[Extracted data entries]
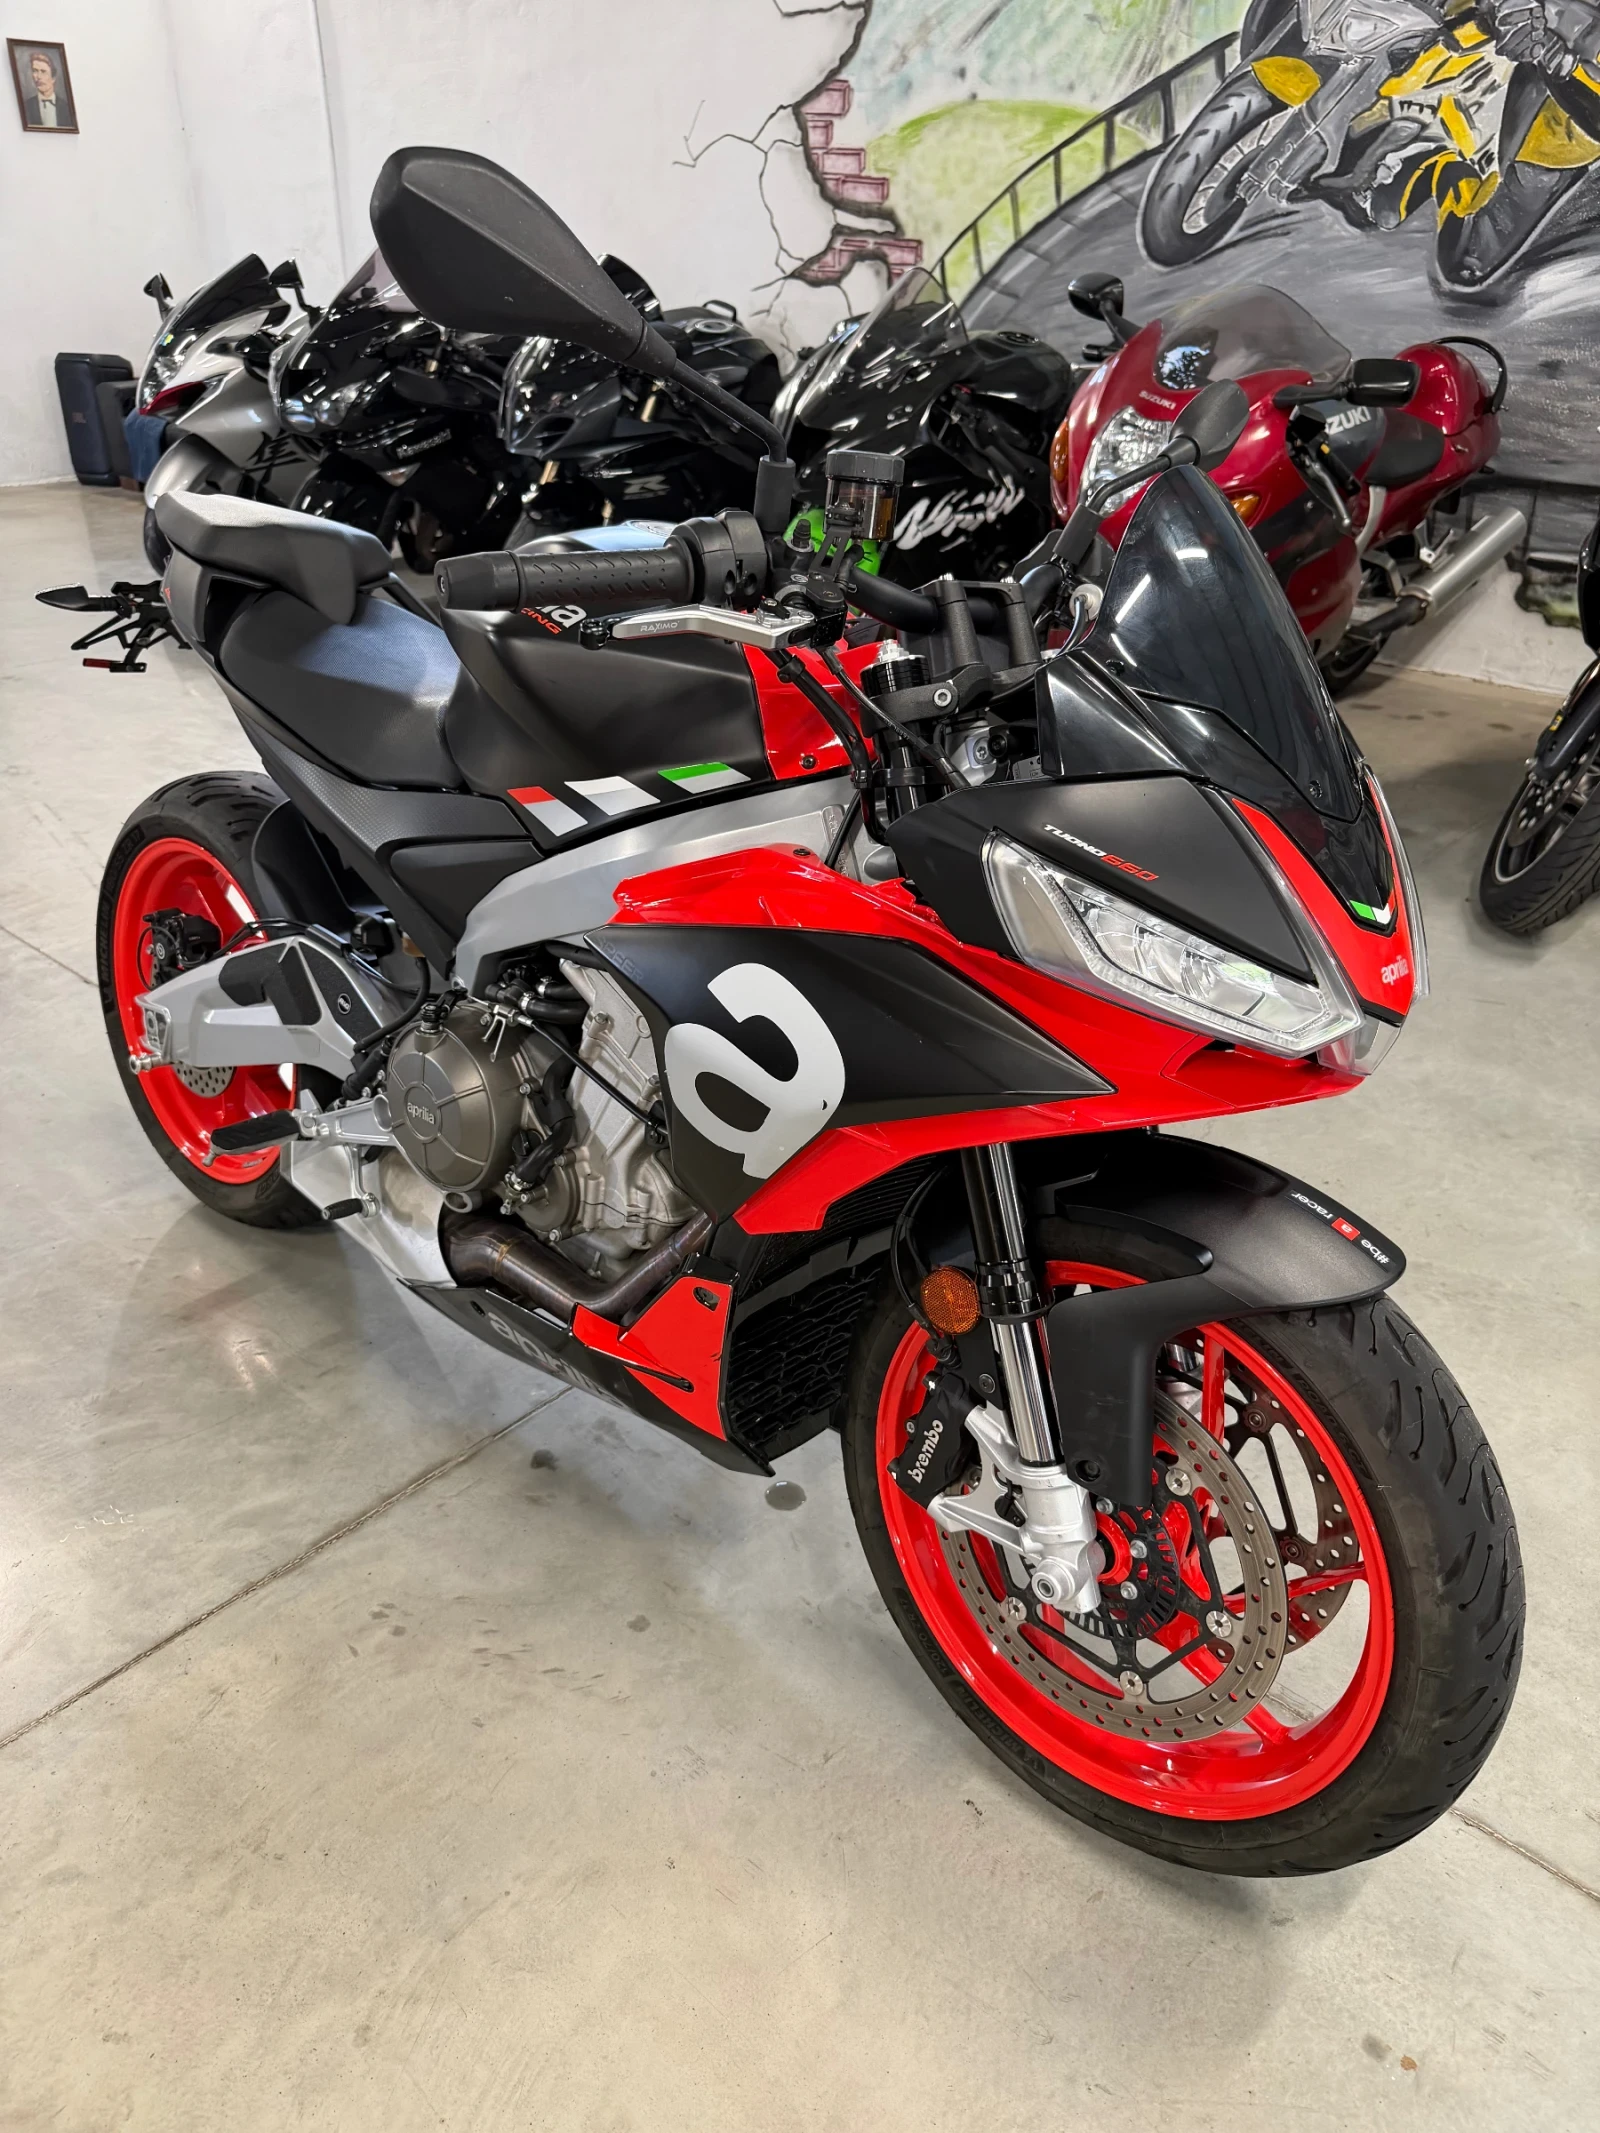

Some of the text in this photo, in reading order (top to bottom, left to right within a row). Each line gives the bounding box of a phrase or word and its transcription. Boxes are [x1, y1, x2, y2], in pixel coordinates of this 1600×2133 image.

[1139, 390, 1176, 410] SUZUKI
[1324, 405, 1372, 436] ZUKI
[640, 621, 679, 633] RAXIMO
[407, 1102, 435, 1125] aprilia
[1290, 1192, 1334, 1219] racer
[1361, 1239, 1390, 1264] #be
[907, 1419, 944, 1484] brembo
[917, 1630, 948, 1673] 120/70
[953, 1685, 1022, 1753] MICHELIN
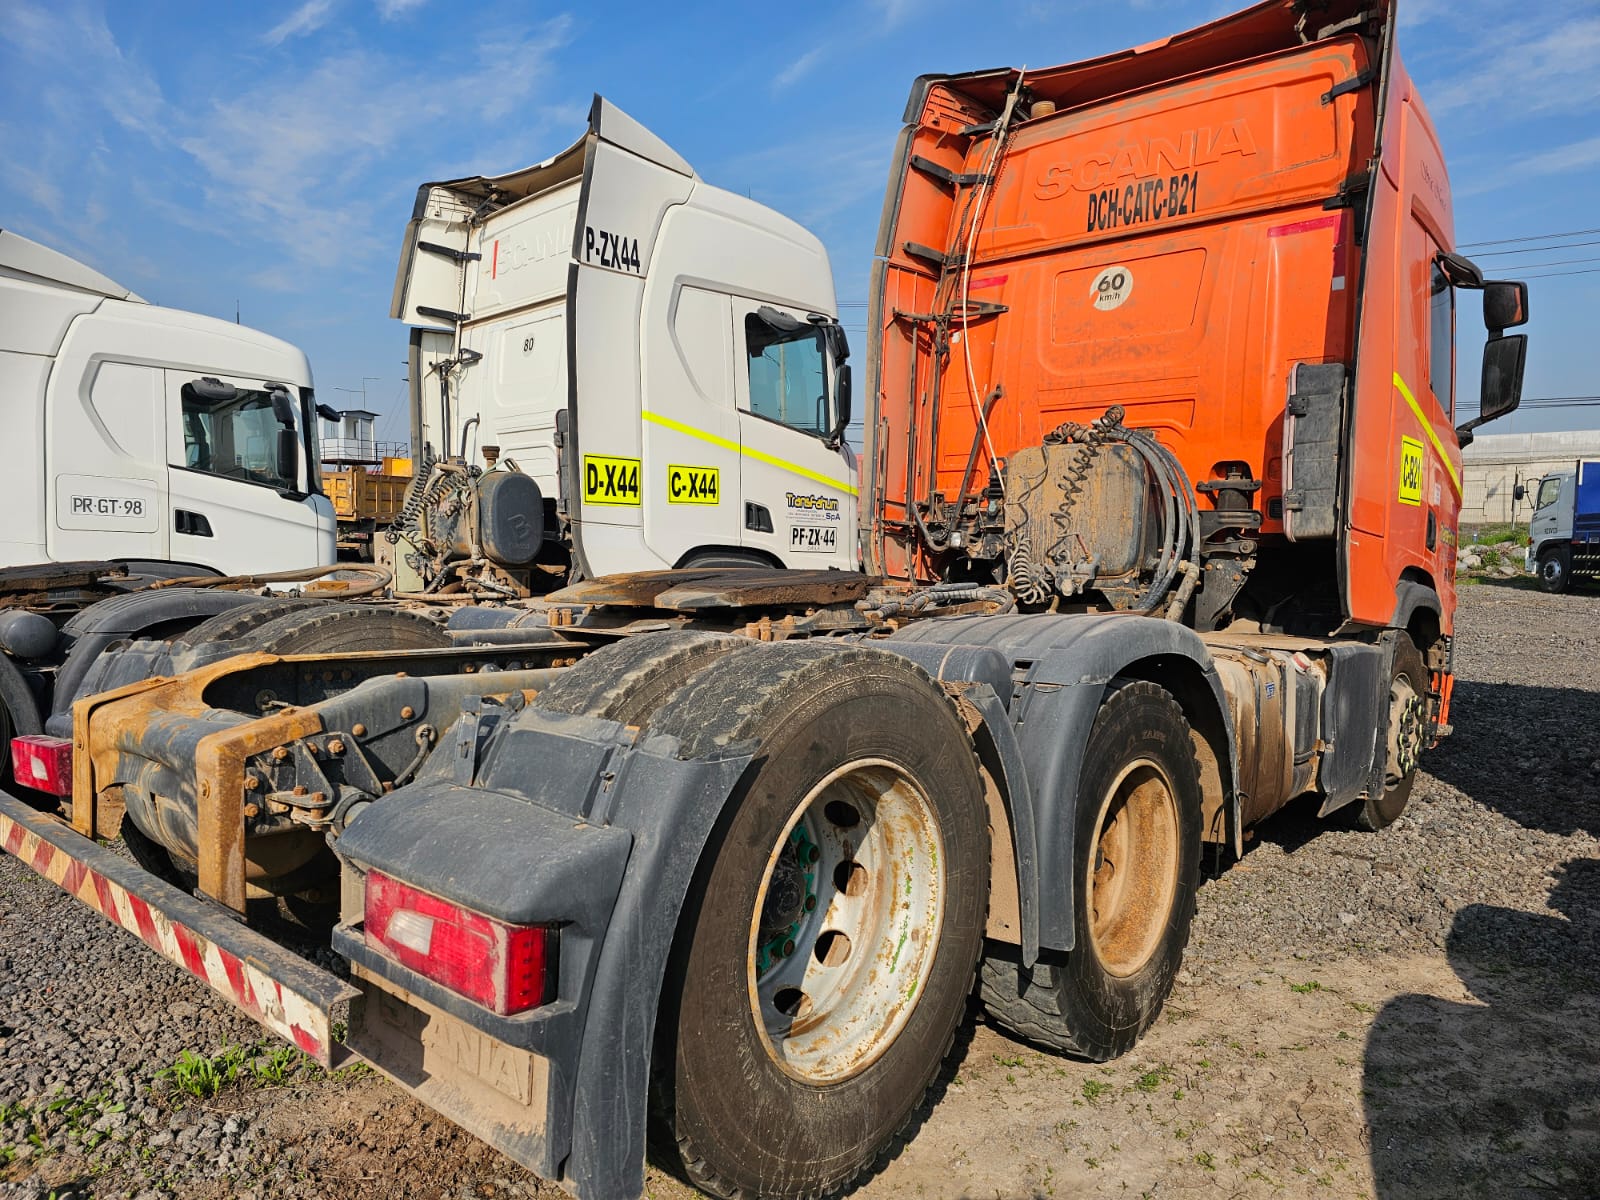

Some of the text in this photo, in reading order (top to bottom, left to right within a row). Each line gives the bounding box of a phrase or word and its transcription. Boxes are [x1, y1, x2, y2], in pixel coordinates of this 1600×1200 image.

Assignment: When copying the records, reproduce every entry exactly and omit all pictures.

Result of the exercise:
Some of the text in this photo, in reading order (top to bottom, left to right within a row). Each line gives the bounding box of a phrase or word and its transcription. Boxes are [x1, y1, x2, y2], in pixel coordinates of this 1600×2133 image.

[1139, 390, 1176, 410] SUZUKI
[1324, 405, 1372, 436] ZUKI
[640, 621, 679, 633] RAXIMO
[407, 1102, 435, 1125] aprilia
[1290, 1192, 1334, 1219] racer
[1361, 1239, 1390, 1264] #be
[907, 1419, 944, 1484] brembo
[917, 1630, 948, 1673] 120/70
[953, 1685, 1022, 1753] MICHELIN

Some of the text in this photo, in reading order (top to bottom, left to right within a row). Each line gives the bounding box of a phrase or word and its transcription. Boxes are [x1, y1, x2, y2], in pixel coordinates of this 1600×1200 image.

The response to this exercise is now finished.